TASK INPUTS:
....

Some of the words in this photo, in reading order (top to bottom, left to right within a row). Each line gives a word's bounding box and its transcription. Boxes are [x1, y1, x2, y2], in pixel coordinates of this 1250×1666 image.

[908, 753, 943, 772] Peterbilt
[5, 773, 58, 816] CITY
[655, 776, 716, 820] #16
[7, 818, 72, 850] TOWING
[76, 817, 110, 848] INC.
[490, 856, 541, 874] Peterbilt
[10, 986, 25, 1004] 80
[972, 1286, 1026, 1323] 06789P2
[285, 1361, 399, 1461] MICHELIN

....

TASK STATEMENT: Output the whole of the material above, exactly.

WRITTEN SOLUTION:
Some of the words in this photo, in reading order (top to bottom, left to right within a row). Each line gives a word's bounding box and its transcription. Boxes are [x1, y1, x2, y2], in pixel coordinates of this 1250×1666 image.

[908, 753, 943, 772] Peterbilt
[5, 773, 58, 816] CITY
[655, 776, 716, 820] #16
[7, 818, 72, 850] TOWING
[76, 817, 110, 848] INC.
[490, 856, 541, 874] Peterbilt
[10, 986, 25, 1004] 80
[972, 1286, 1026, 1323] 06789P2
[285, 1361, 399, 1461] MICHELIN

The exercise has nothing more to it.